_WHAT THE TASK ASKS_. The whole listing, exactly as given: write it out, leaving out each image.

== Segment start ==

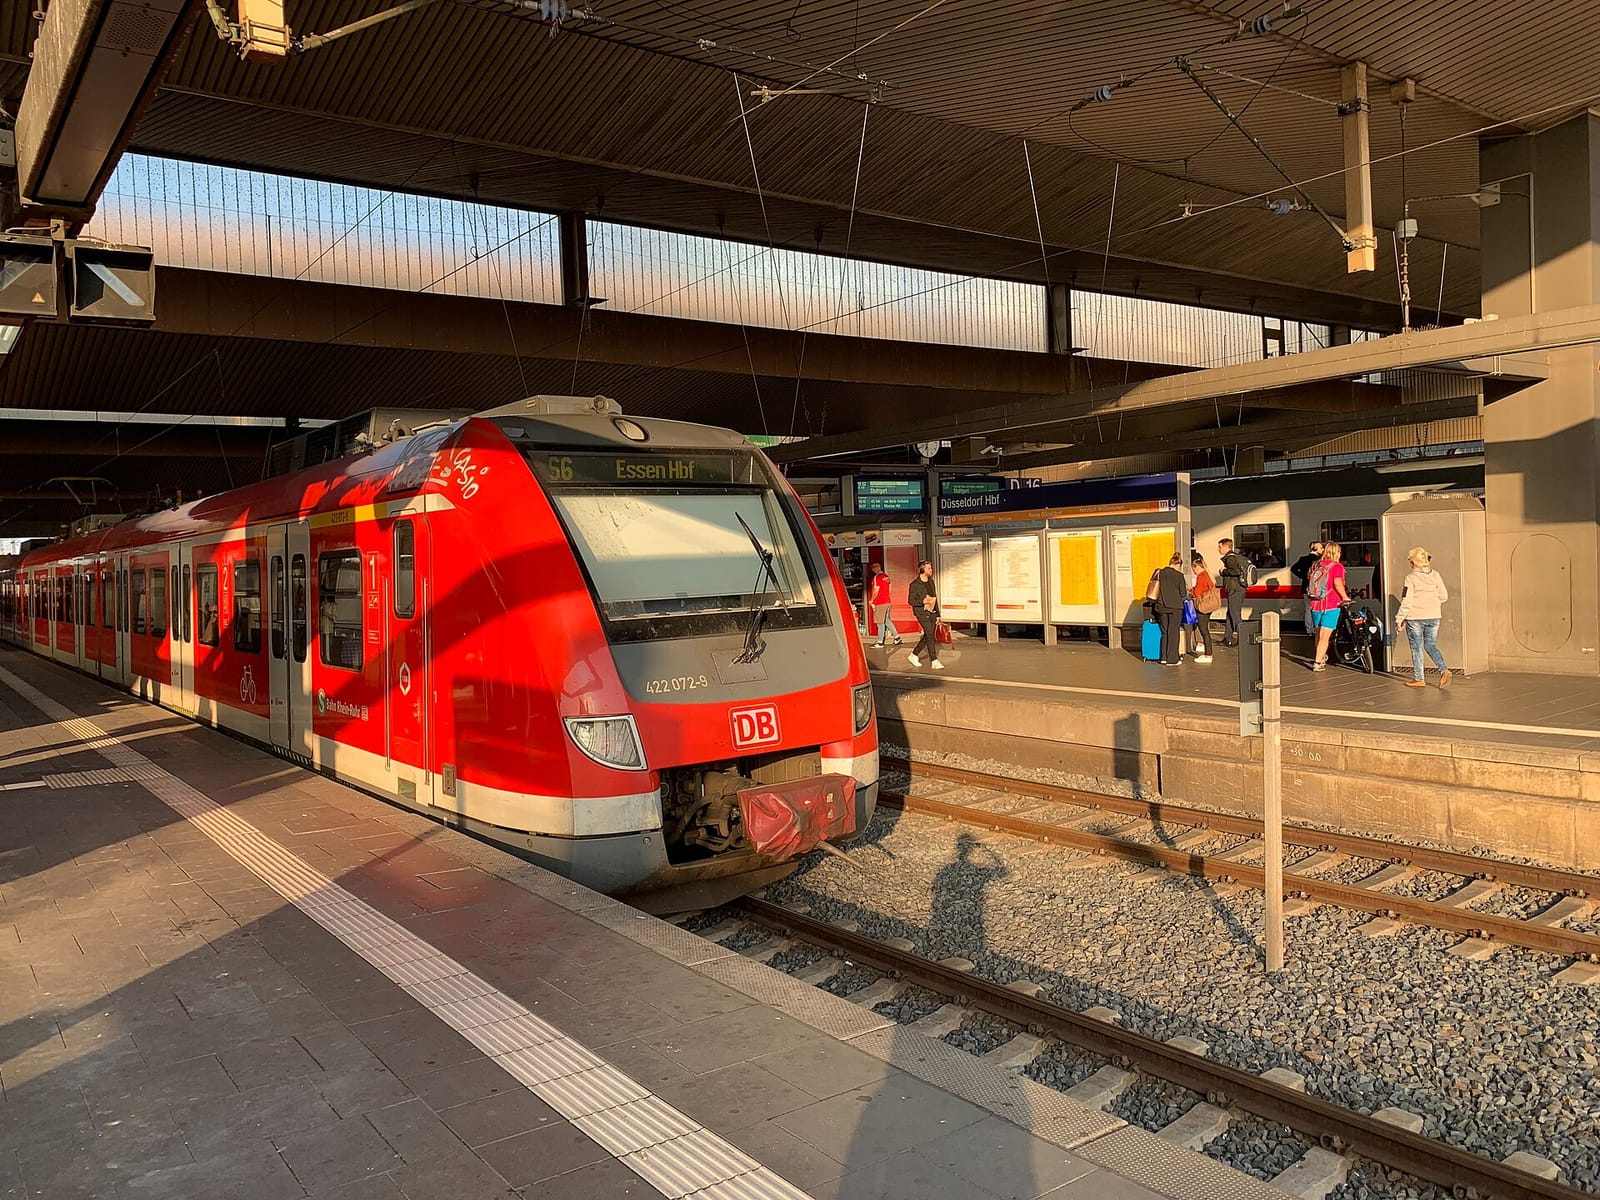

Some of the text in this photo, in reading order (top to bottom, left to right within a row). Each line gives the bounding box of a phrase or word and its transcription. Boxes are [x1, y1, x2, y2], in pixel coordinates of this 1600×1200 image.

[550, 456, 574, 481] S6
[616, 459, 695, 480] Essen Hbf
[941, 494, 999, 509] Düsseldorf Hbf
[223, 566, 228, 591] 2
[369, 555, 375, 590] 1
[646, 675, 708, 694] 422 072-9
[732, 707, 779, 746] DB

== Segment end ==

_TASK RESPONSE_.
Some of the text in this photo, in reading order (top to bottom, left to right within a row). Each line gives the bounding box of a phrase or word and its transcription. Boxes are [x1, y1, x2, y2], in pixel coordinates of this 1600×1200 image.

[550, 456, 574, 481] S6
[616, 459, 695, 480] Essen Hbf
[941, 494, 999, 509] Düsseldorf Hbf
[223, 566, 228, 591] 2
[369, 555, 375, 590] 1
[646, 675, 708, 694] 422 072-9
[732, 707, 779, 746] DB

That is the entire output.